Ce sont les intérêts géoéconomiques qui poussent Erdogan à réorienter l’action extérieure de son pays vers plus d’efficacité. Les besoins en investissements et en capitaux sont importants. Le déficit de la balance des paiements représente 10% du PIB depuis le début de cette année. On ne compte plus dans le pays les annonces d’avantages et des incitations pour attirer les investisseurs.

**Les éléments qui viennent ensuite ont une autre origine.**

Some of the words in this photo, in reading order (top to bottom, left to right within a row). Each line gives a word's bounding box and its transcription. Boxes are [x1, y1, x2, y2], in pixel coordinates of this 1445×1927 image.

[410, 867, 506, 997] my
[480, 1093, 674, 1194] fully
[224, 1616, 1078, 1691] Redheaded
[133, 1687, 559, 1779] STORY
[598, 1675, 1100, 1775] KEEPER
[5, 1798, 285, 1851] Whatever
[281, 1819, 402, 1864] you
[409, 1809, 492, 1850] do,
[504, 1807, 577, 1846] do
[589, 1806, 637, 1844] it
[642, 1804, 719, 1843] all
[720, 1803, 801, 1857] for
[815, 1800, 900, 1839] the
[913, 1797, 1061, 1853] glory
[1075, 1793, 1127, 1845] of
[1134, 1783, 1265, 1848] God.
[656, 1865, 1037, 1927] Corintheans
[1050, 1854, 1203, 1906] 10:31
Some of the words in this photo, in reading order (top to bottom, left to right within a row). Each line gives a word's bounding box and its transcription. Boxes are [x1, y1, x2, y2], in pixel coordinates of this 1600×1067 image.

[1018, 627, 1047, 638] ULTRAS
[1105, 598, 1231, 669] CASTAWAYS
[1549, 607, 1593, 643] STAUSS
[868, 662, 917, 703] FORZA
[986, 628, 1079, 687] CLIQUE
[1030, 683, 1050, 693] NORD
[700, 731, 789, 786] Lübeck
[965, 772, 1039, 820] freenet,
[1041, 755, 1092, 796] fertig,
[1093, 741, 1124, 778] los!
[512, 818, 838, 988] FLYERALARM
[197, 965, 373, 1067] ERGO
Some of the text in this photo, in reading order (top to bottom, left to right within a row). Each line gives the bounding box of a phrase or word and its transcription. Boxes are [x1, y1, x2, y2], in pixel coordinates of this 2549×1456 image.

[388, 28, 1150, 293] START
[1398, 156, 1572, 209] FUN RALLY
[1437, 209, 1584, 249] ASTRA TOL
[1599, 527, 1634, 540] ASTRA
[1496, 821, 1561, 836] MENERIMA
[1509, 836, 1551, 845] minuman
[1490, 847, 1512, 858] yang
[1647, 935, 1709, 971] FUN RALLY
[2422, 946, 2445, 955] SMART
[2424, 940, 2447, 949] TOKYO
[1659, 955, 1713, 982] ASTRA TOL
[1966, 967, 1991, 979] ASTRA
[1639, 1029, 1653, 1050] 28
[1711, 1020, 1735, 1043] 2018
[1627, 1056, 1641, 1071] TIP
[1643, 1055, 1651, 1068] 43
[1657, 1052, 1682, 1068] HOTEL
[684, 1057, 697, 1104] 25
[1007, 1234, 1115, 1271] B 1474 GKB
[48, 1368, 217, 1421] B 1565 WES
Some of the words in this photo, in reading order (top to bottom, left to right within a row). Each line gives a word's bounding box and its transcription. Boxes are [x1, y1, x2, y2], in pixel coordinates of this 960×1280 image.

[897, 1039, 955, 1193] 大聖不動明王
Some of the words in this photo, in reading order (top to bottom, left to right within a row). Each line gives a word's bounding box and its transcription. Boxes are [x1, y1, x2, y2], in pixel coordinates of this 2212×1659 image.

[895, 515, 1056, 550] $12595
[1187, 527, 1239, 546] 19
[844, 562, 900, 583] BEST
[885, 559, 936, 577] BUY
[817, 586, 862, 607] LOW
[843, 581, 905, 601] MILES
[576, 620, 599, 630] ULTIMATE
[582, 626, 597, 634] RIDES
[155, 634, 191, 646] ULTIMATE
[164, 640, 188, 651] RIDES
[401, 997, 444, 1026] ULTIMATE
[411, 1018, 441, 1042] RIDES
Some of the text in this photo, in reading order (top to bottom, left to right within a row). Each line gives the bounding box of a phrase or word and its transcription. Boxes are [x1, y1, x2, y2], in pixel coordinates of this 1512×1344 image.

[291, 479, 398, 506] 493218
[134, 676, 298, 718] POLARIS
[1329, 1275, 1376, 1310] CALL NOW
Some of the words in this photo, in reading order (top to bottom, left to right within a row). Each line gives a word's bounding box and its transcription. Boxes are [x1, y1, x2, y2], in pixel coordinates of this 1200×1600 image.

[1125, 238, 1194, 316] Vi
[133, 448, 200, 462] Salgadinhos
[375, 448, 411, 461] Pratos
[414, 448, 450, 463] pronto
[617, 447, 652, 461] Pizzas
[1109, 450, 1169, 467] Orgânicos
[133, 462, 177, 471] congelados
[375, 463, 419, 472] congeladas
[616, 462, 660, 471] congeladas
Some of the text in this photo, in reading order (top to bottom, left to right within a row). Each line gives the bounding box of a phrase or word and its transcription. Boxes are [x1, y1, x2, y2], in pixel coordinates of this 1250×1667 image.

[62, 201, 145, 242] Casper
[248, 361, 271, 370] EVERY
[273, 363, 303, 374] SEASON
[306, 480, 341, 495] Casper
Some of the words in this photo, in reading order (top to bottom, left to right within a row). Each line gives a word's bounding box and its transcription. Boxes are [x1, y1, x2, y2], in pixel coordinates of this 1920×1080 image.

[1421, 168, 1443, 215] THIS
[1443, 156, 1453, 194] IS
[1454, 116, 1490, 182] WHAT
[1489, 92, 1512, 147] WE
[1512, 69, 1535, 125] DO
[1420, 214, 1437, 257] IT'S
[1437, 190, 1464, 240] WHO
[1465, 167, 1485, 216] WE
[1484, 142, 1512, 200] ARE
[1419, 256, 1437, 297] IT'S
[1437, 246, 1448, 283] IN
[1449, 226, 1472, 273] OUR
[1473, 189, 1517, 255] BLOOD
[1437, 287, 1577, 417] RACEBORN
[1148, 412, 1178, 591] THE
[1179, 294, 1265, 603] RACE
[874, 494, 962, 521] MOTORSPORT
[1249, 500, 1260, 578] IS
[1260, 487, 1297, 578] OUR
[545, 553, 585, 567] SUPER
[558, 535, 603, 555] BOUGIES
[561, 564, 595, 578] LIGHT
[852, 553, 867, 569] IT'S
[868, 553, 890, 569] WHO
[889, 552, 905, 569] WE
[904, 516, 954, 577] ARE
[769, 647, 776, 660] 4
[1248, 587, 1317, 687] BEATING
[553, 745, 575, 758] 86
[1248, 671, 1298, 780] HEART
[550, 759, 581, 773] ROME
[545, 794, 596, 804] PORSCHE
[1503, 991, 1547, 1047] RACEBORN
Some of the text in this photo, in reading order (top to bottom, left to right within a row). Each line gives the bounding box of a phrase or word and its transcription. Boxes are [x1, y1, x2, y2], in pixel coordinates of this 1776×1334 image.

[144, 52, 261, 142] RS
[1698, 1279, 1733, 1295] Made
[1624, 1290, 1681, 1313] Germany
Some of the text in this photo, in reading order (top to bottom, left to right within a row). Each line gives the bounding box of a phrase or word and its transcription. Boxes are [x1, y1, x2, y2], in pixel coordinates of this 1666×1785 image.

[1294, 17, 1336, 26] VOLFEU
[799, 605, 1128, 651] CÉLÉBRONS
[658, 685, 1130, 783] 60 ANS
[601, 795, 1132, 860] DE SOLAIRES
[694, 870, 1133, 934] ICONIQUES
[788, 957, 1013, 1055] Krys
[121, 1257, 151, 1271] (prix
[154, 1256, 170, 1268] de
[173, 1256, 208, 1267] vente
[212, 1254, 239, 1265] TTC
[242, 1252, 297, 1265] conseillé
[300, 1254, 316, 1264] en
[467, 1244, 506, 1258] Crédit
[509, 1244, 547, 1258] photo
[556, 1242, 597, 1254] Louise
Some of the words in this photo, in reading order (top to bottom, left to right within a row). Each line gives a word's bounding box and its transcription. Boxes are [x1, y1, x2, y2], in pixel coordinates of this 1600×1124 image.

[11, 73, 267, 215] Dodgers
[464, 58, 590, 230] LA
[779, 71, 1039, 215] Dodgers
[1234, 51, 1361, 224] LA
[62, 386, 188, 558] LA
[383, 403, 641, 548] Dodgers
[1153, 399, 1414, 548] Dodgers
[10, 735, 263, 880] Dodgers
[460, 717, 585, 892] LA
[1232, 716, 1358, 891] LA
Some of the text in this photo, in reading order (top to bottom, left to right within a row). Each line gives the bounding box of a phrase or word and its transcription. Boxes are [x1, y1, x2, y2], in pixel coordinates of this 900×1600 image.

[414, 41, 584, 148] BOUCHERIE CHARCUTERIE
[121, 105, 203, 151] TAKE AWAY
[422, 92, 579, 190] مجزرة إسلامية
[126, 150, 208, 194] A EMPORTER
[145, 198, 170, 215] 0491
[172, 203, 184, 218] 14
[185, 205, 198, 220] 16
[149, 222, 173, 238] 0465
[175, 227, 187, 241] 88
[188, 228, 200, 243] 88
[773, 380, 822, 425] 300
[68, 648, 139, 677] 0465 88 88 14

Un achat d’un bien immobilier d’une valeur de 400.000 dollars, ou le placement de 500.000 dans une banque turque, donnent droit à l’obtention de la résidence ou de la nationalité.

Que ce soit le traitement du dossier migratoire avec l’Europe, ou l’accord permettant l’exportation des céréales ukrainiennes via la mer Rouge, Erdogan est passé maître à recourir à toute une palette d’initiatives pour servir les intérêts de son pays et se mettre lui-même en médiation. Ses succès sont, pour une part, dus aussi à la mollesse des Occidentaux. La relance de ses relations avec les pays qui comptent dans le monde, comme les Etats-Unis et la Russie, ou régionaux comme Israël, sont la preuve qu’Erdogan est toujours prêt à pousser les limites de ses actions là où personne ne l’attend.